Le thème d’Alma déborde de vitalité et d’espoir, gardant quelques traces de rubato pour ses seules dernières mesures, toujours dans la relance. En toute logique, Mikko Franck privilégie des tempi prestes, un Scherzo tirant tous azimuts, un Andante moderato parfait de respiration et d’avancée, pas englué le moins du monde dans les mauvais présages, et un Finale fouetté, combatif jusqu’en ses derniers instants.
On a même droit à l’ordre des mouvements centraux le plus logique – quoique devenu minoritaire – quant au cheminement dramatique de l’œuvre : Scherzo-Andante, conforme à l’idée de départ de Mahler sinon à sa pratique au concert. Pendant les deux premiers mouvements, le chef du Philhar, dont on connaît les sérieux problèmes de dos, dirige au milieu des musiciens, au pied de son podium où trône une chaise sur laquelle il s’appuie parfois quelques secondes.
Au cours du Scherzo, après avoir descendu la chaise à son niveau, il ne cesse de s’asseoir pour se relever aussitôt sans trouver son confort, ce qui rajoute au caractère sur des charbons ardents des changements de mesure de cette page où Mahler atomise le matériau de son premier mouvement.
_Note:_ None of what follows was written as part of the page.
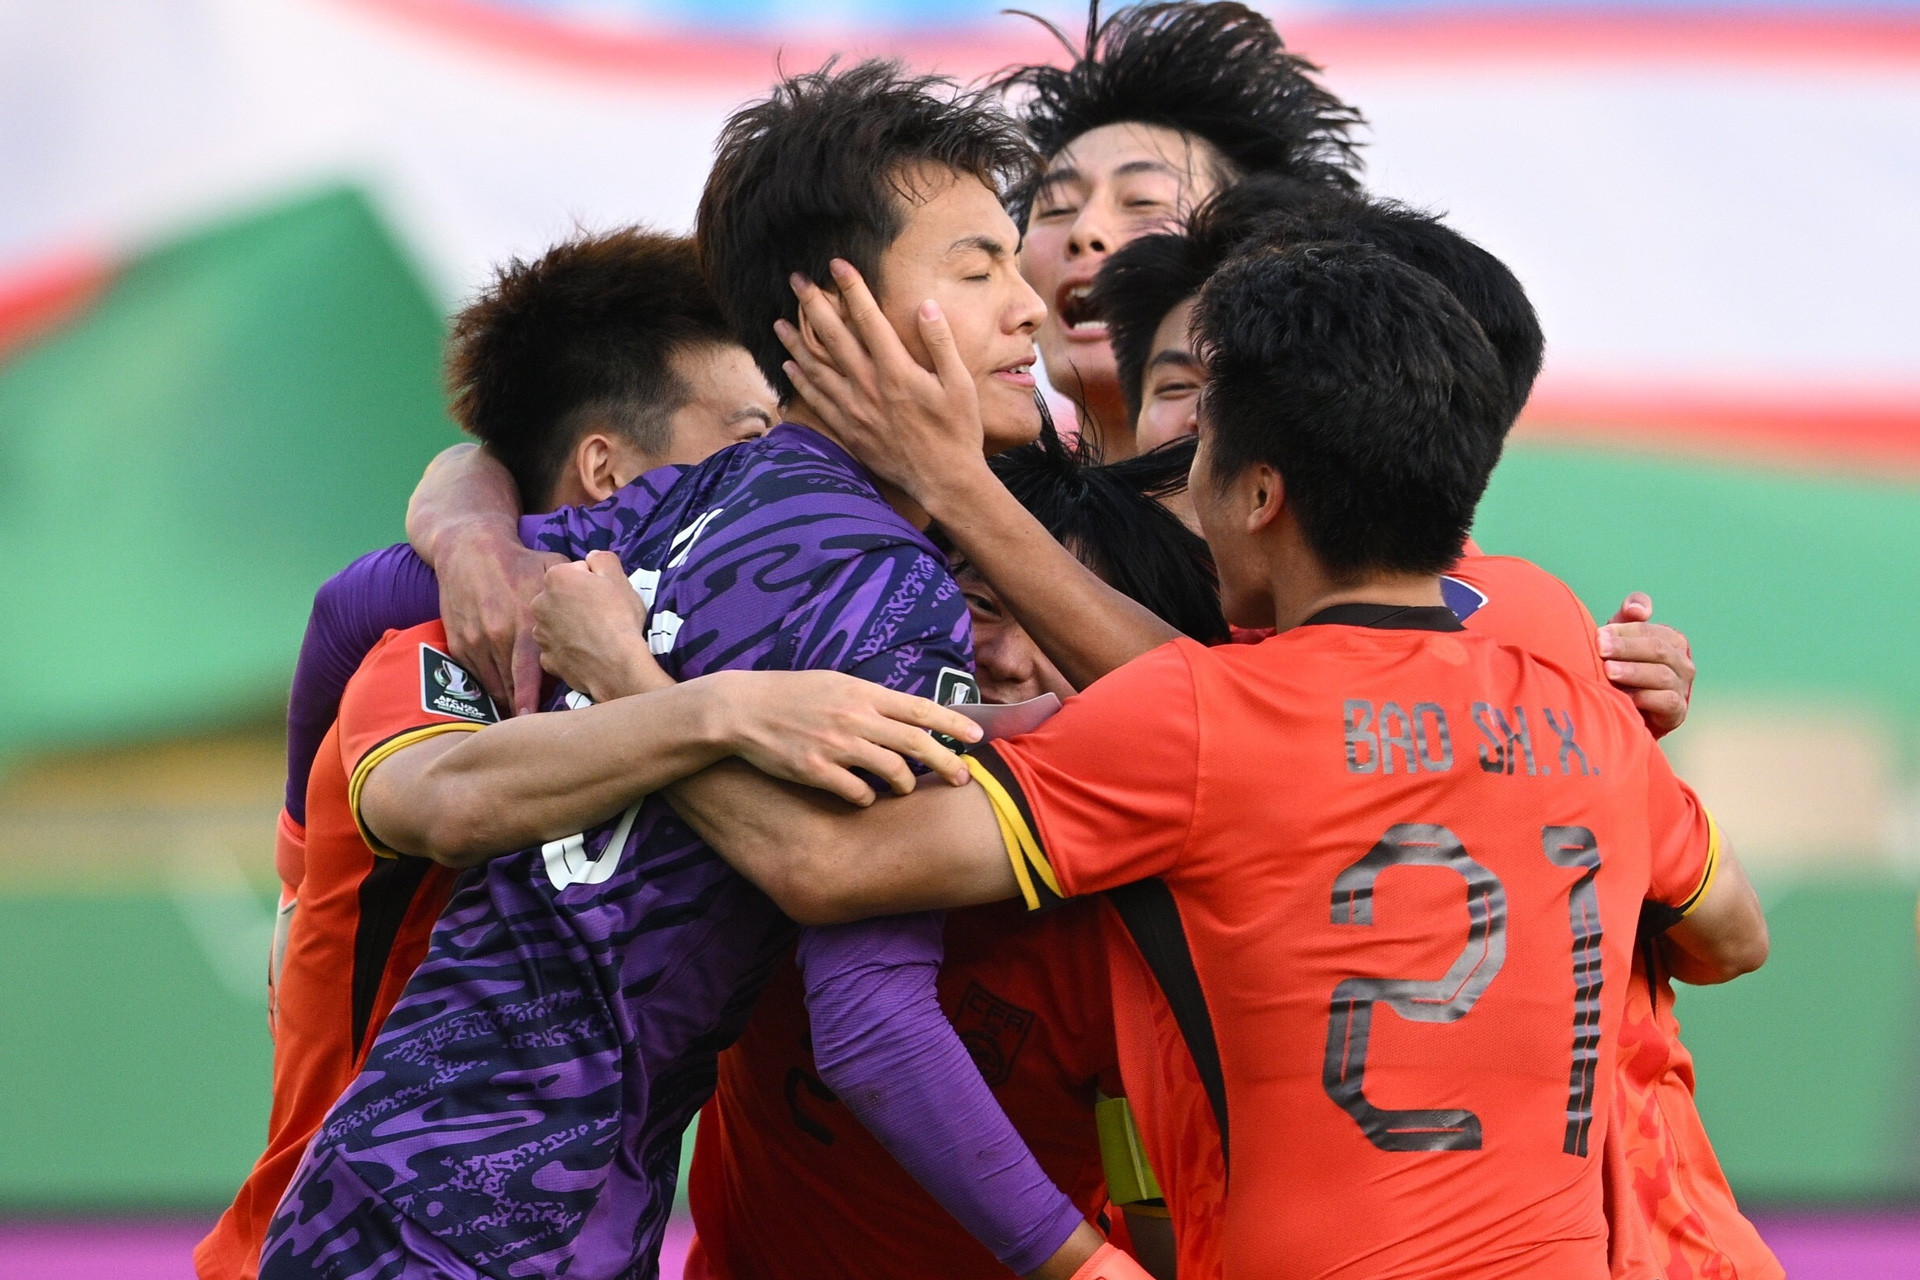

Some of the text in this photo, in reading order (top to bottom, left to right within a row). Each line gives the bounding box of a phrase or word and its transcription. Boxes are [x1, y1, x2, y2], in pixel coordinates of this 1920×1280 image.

[1343, 699, 1454, 775] BAO
[968, 993, 1025, 1032] CFA
[1322, 823, 1604, 1159] 21
À partir de l’Andante, il se pose enfin pour mener la Sixième à sa catastrophe finale assis.
Tout en éclaircissant beaucoup de zones d’ombre, il met en valeur les timbres rares et notamment le célesta et les deux harpes, d’un suprême raffinement, placés derrière les premiers violons, et envisage la page alpestre du mouvement liminaire non comme un écho de la solitude nocturne de l’homme face à l’immensité, mais telle une parenthèse diurne où les cloches de troupeau, très actives, campent une atmosphère terrienne, simple et naïve.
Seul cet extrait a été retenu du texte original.